Tujuan lainnya adalah untuk membangkitkan semangat dagang pribumi dan membangun kerjasama untuk melawan kaum pedagang asing, yang mendapat perlakuan istimewa dari penjajah Belanda. Dari fakta historis di atas, maka sangat jelas, bahwa Islam tidak merintangi nasionalisme, justru melalui rahim Islam, nasionalisme Indonesia dapat tumbuh subur. Pergerakan-pergerakan Islam sudah lama mempunyai ikatan kebangsaan. Dibandingkan organisasi kedaerahan yang masih berbasis etnik, termasuk Budi Utomo (basis kepentingan priyayi Jawa), gerakan SI justru bersifat nasional. Islam terbukti berfungsi sebagai faktor integrasi, bahkan lebih jauh lagi akar dari nasionalisme dan pembentukan negara-bangsa untuk kasus Indonesia. SI telah berhasil menarik para pedagang, para pekerja di kota-kota, para kyai dan bahkan sejumlah priyayi serta kaum tani ke dalam gerakan politik massal pertama di jaman penjajahan (Benda, 1958). Kedua adalah fakta dan kondisi kontemporer hubungan Islam dan Negara. Negara-negara berkembang, termasuk Indonesia, yang relatif baru merdeka, banyak yang masih dihantui oleh masalah mendasar dalam kehidupan berbangsa dan bernegara, yakni masalah stabilitas ideologi. Kerapkali konsensus sejarah dalam memutuskan ideologi negara berakhir tanpa penerimaan total dari seluruh komponen bangsa yang bersangkutan. Ketika Ideologi negara yang melandaskan kebangsaan dalam kasus Indonesia dinegosiasikan secara demokratis di panggung politik, terlihat sekali bahwa proses dialektika tersebut berjalan sangat alot. Hal itu terlihat pada dialog tahap pertama selama diskusi di BPUPKI dan dilanjutkan di PPKI pada tahun 1945, maupun dalam dialog tahap kedua pada sidang-sidang Konstituante pada tahun 1956-1958.Pada fase pertama dialog nasional, Piagam Jakarta yang memuat tujuh kata, “Ketuhanan dengan kewajiban menjalankan syariat Islam bagi pemeluk-pemeluknya,” yang sebelumnya telah disepakati dalam rapat BPUPKI sebelum lembaga ini dibubarkan pemerintah Jepang, berhasil dicoret dalam sidang PPKI. Sejarah memperlihatkan, bahwa secara politis penerimaan total pada pencoretan Piagam Jakarta itu tidak terjadi. Komponen Islam belum sepenuhnya menerima tafsiran nasionalis sekuler terhadap dasar negara. Maka, perjuangan untuk menjadikan keyakinan agama—penduduk mayoritas negeri ini—sebagai dasar negara tetap dilakukan, baik melalui perjuangan pergerakan oleh NII sejak 17 Agustus 1949 dan secara konstitusional melalui partai-partai Islam nasionalis seperti Mayumi, NU, dan PSII.

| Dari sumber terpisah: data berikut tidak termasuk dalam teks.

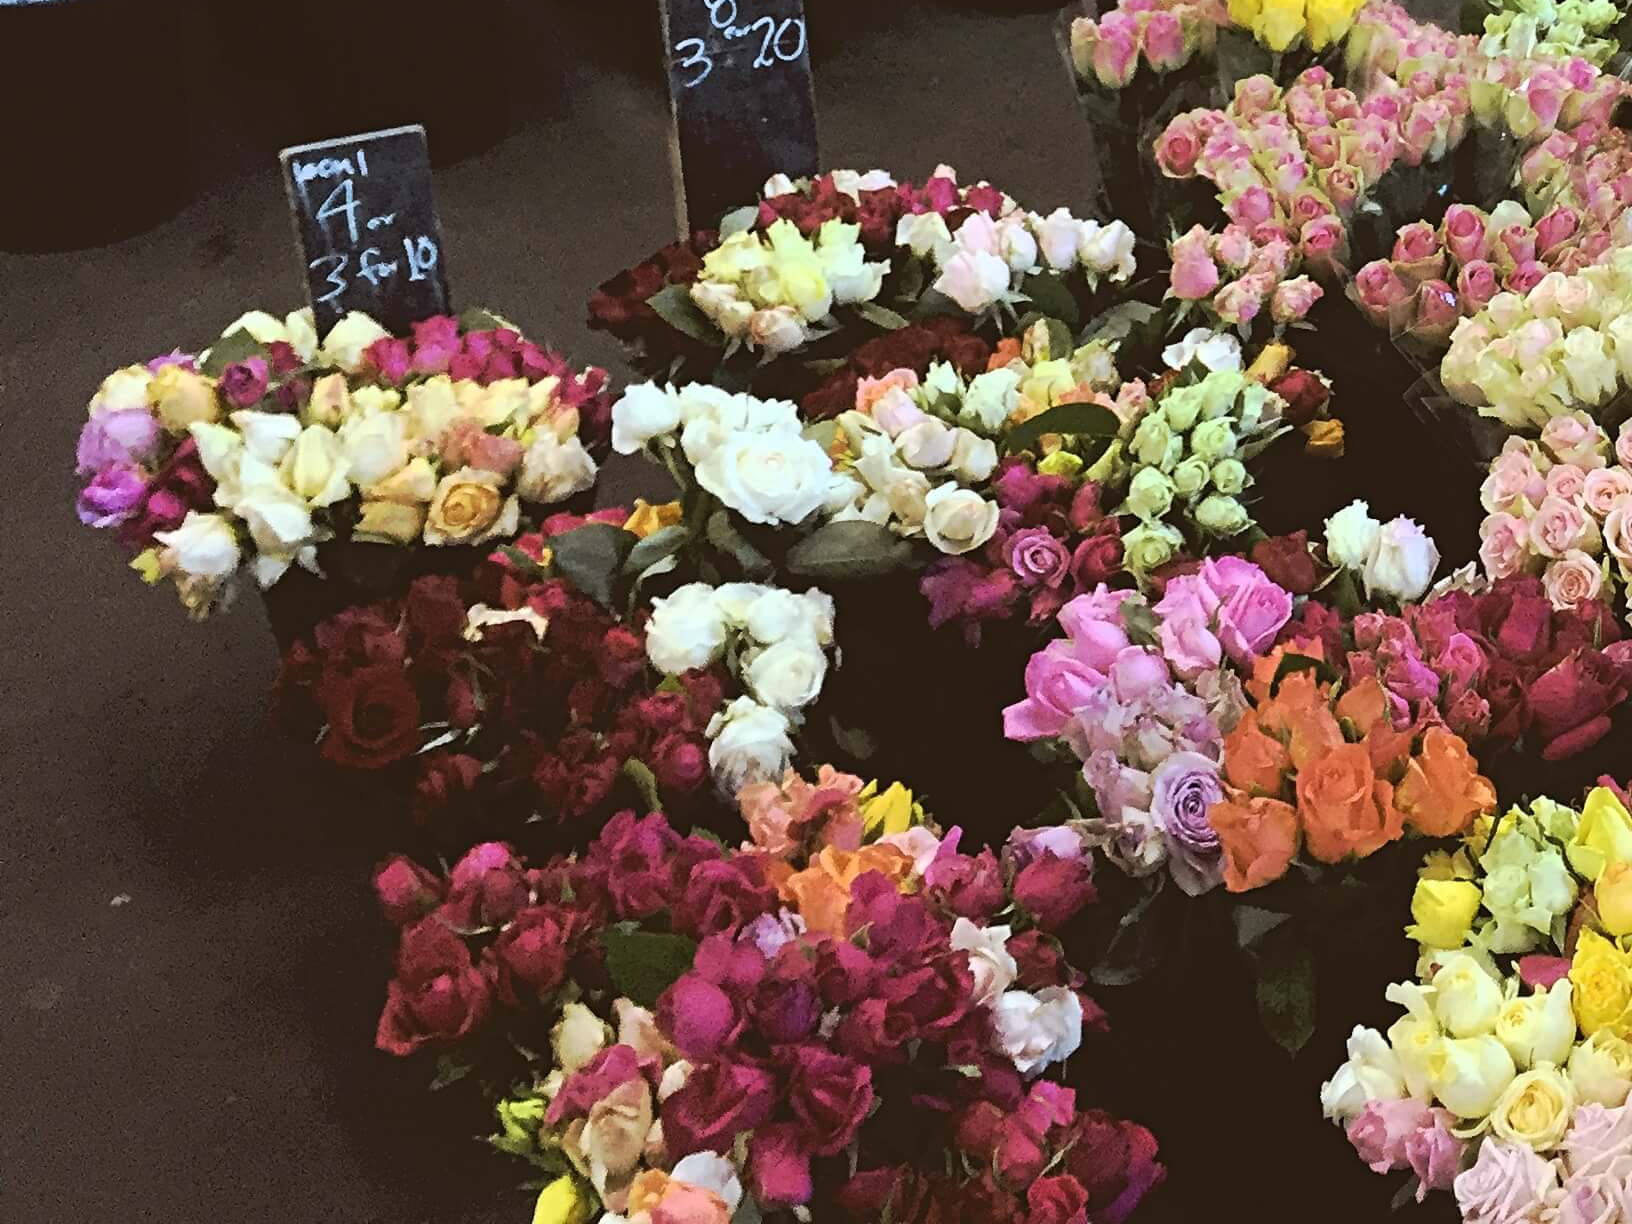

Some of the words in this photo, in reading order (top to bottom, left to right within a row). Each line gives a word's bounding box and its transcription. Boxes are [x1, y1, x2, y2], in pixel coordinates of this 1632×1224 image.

Pada dialog tahap kedua, partai-partai Islam dengan komposisi suara 40% di parlemen kembali dengan sangat alot mempertahankan konsep dasar negara berdasarkan keyakinan agama. Ujung akhirnya adalah ketiadaan kesepakatan Konstituante yang menyebabkan Presiden Soekarno menetapkan Dekrit Presiden tahun 1959 untuk kembali ke UUD 1945. Melalui sistem Demokrasi Terpimpin, persoalan ideologi ditekan di bawah upaya-upaya pembangunan negara. Penumpasan gerakan NII (1949-1965) pun dilakukan. Sejarah memperlihatkan kedua jalur upaya penegakan dasar negara berdasarkan keyakinan agama gagal. Selama rezim Soeharto berkuasa, trauma ideologis ini mengambil bentuk marjinalisasi partai politik dan penekanan pada kuasi-ideologi, yakni pragmatisme melalui pembangunan ekonomi, yang selanjutnya menghasilkan teknokratisme yang bebas ideologi. Kebijakan massa mengambang, kesibukan pembangunan, pengawasan oleh militer sampai tingkat-tingkat terkecil pemerintahan. Puncak dari itu semua adalah pemberlakuan asas tunggal Pancasila bagi seluruh organisasi sosial kemasyarakatan maupun organisasi politik. Maka, lengkap sudah the end of ideology.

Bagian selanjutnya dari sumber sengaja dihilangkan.